== Information provided
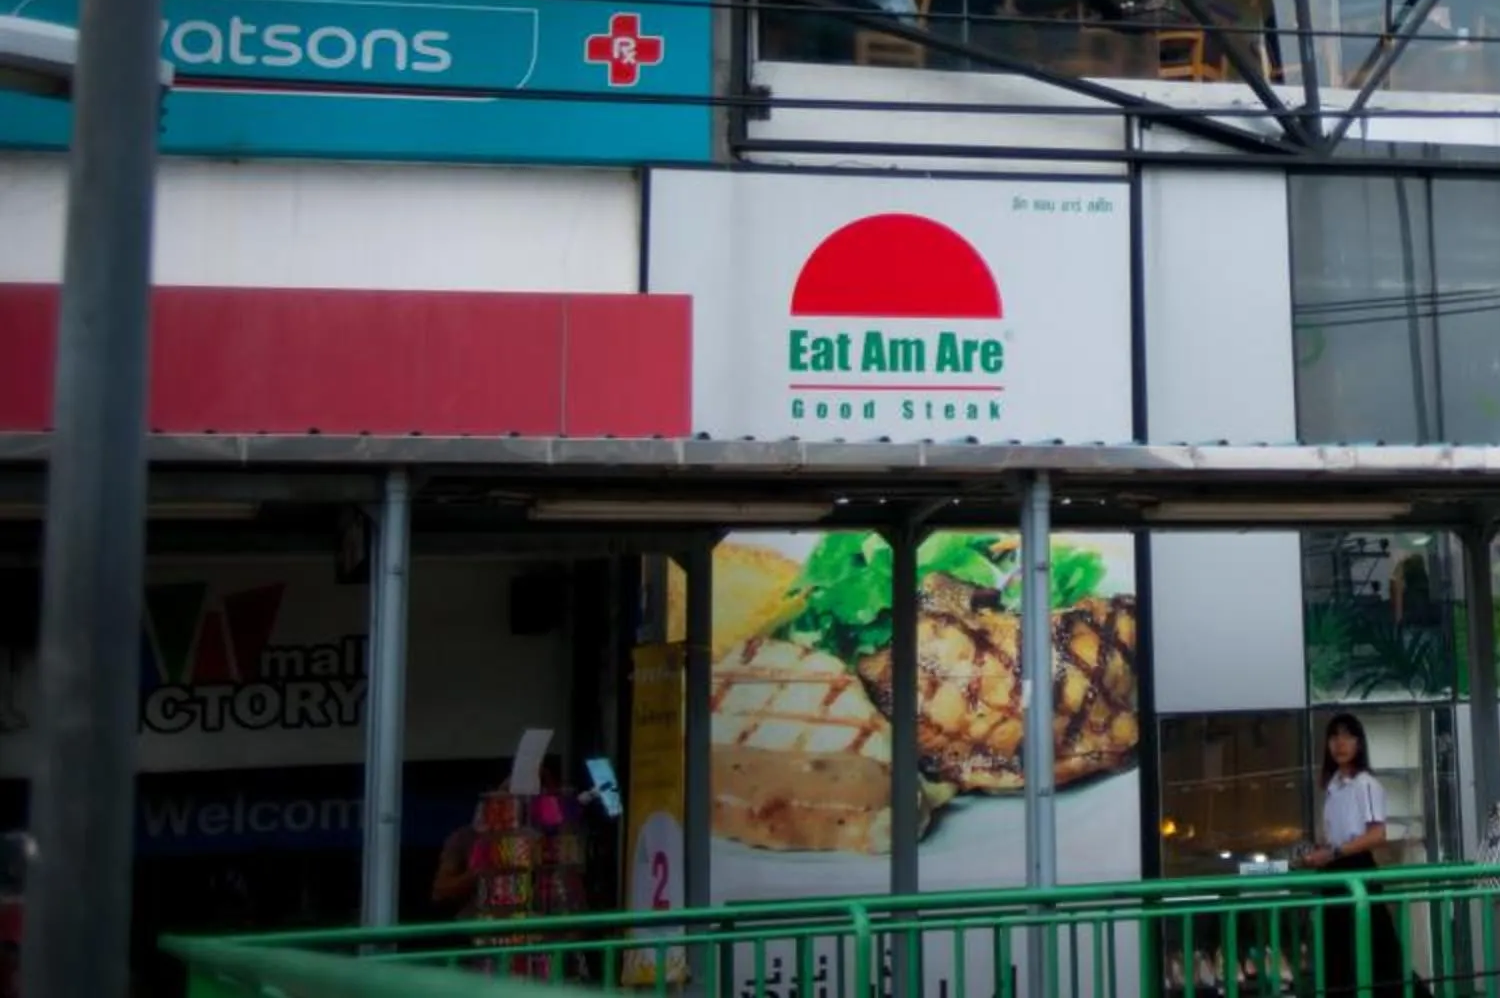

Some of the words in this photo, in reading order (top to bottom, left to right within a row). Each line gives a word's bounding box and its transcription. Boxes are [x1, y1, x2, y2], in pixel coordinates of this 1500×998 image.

[159, 14, 453, 73] atsons
[789, 329, 852, 372] Eat
[860, 330, 926, 373] Am
[935, 331, 1004, 374] Are
[791, 398, 876, 420] Good
[902, 399, 1002, 421] Steak
[142, 677, 367, 734] CTORY
[142, 788, 364, 838] Welcom
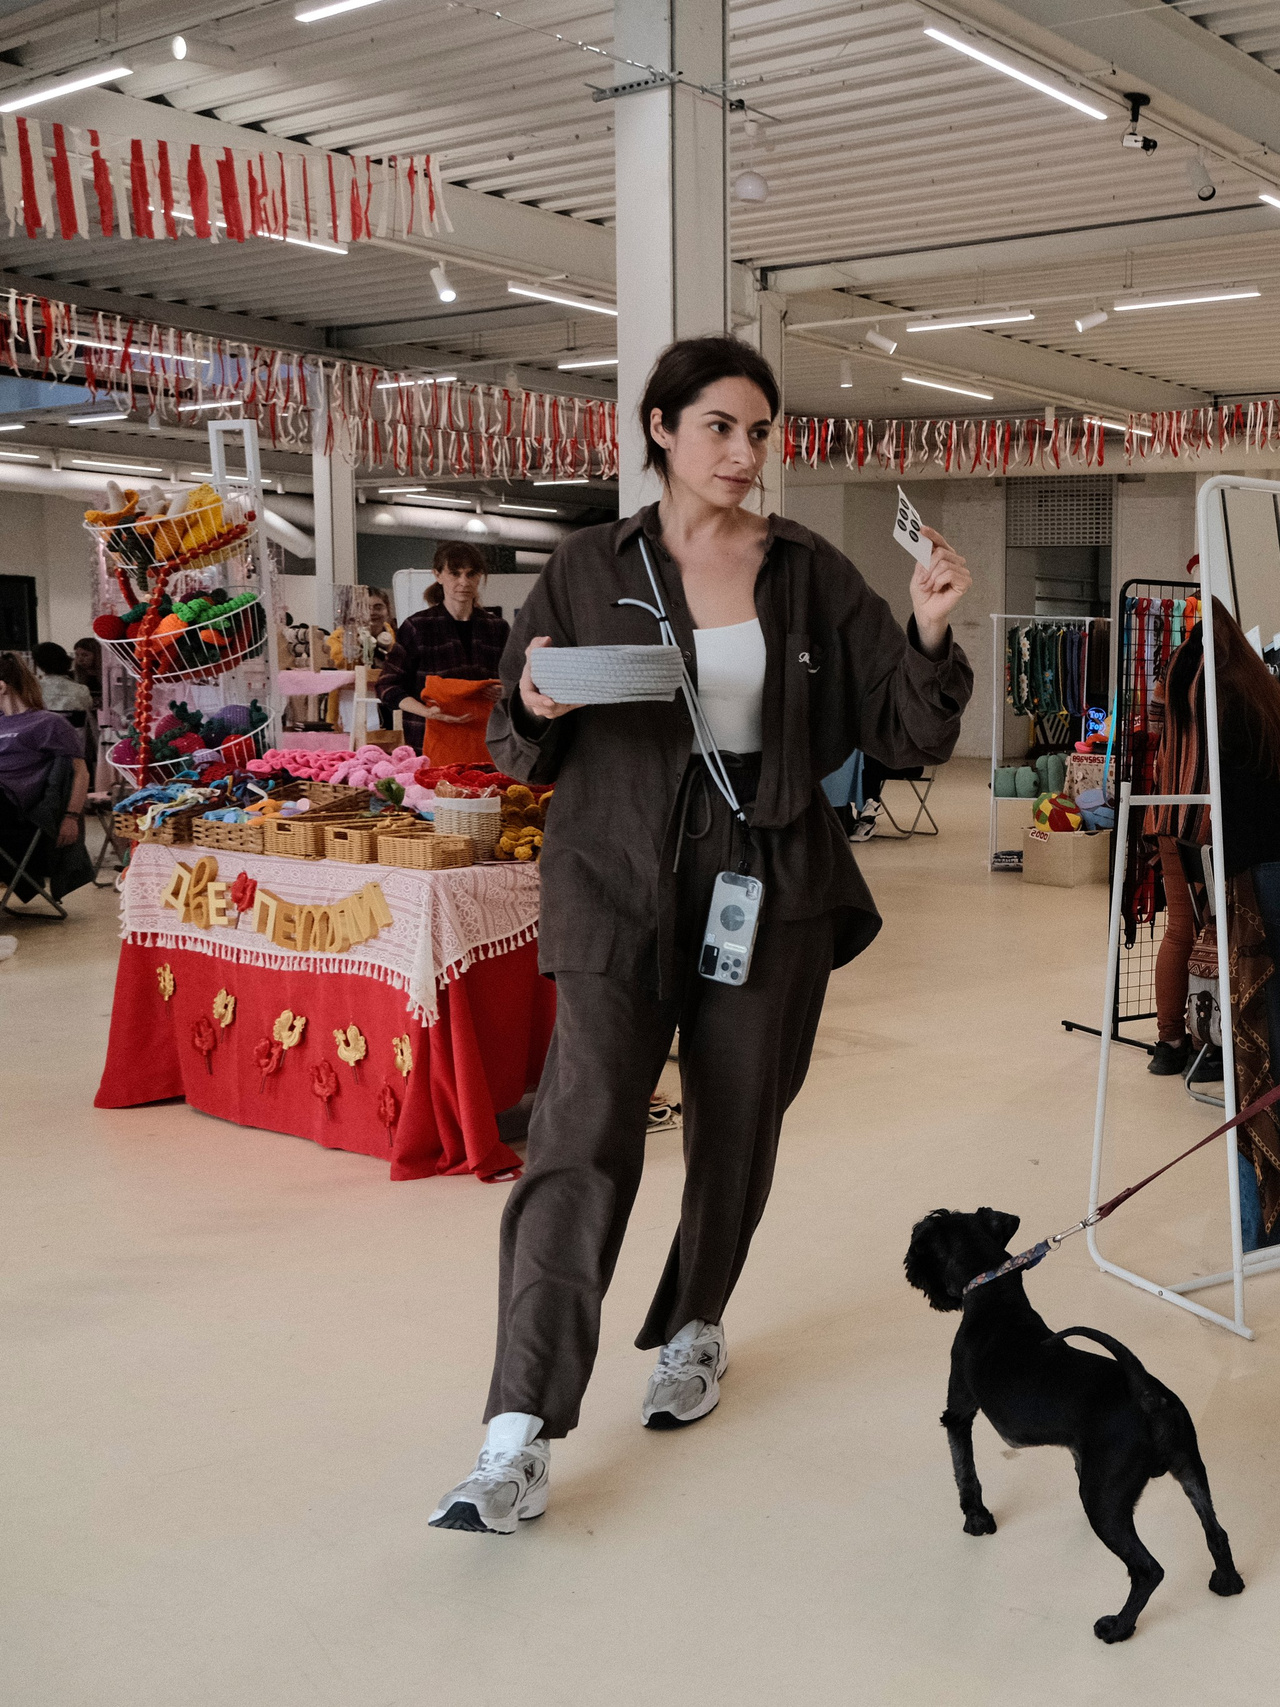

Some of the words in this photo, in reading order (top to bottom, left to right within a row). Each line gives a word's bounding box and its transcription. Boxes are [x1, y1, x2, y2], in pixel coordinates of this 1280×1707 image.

[1089, 710, 1104, 720] Toy
[1089, 722, 1104, 731] For
[1030, 829, 1049, 841] 2000
====
● What you are asked to do: Quote the entries in full. Any image among them is to be omitted from the copy.

● Answer to this task:
Some of the words in this photo, in reading order (top to bottom, left to right within a row). Each line gives a word's bounding box and its transcription. Boxes are [x1, y1, x2, y2], in pixel coordinates of this 1500×998 image.

[159, 14, 453, 73] atsons
[789, 329, 852, 372] Eat
[860, 330, 926, 373] Am
[935, 331, 1004, 374] Are
[791, 398, 876, 420] Good
[902, 399, 1002, 421] Steak
[142, 677, 367, 734] CTORY
[142, 788, 364, 838] Welcom

Some of the words in this photo, in reading order (top to bottom, left to right within a row). Each line gives a word's bounding box and its transcription. Boxes are [x1, y1, x2, y2], in pixel coordinates of this 1280×1707 image.

[1089, 710, 1104, 720] Toy
[1089, 722, 1104, 731] For
[1030, 829, 1049, 841] 2000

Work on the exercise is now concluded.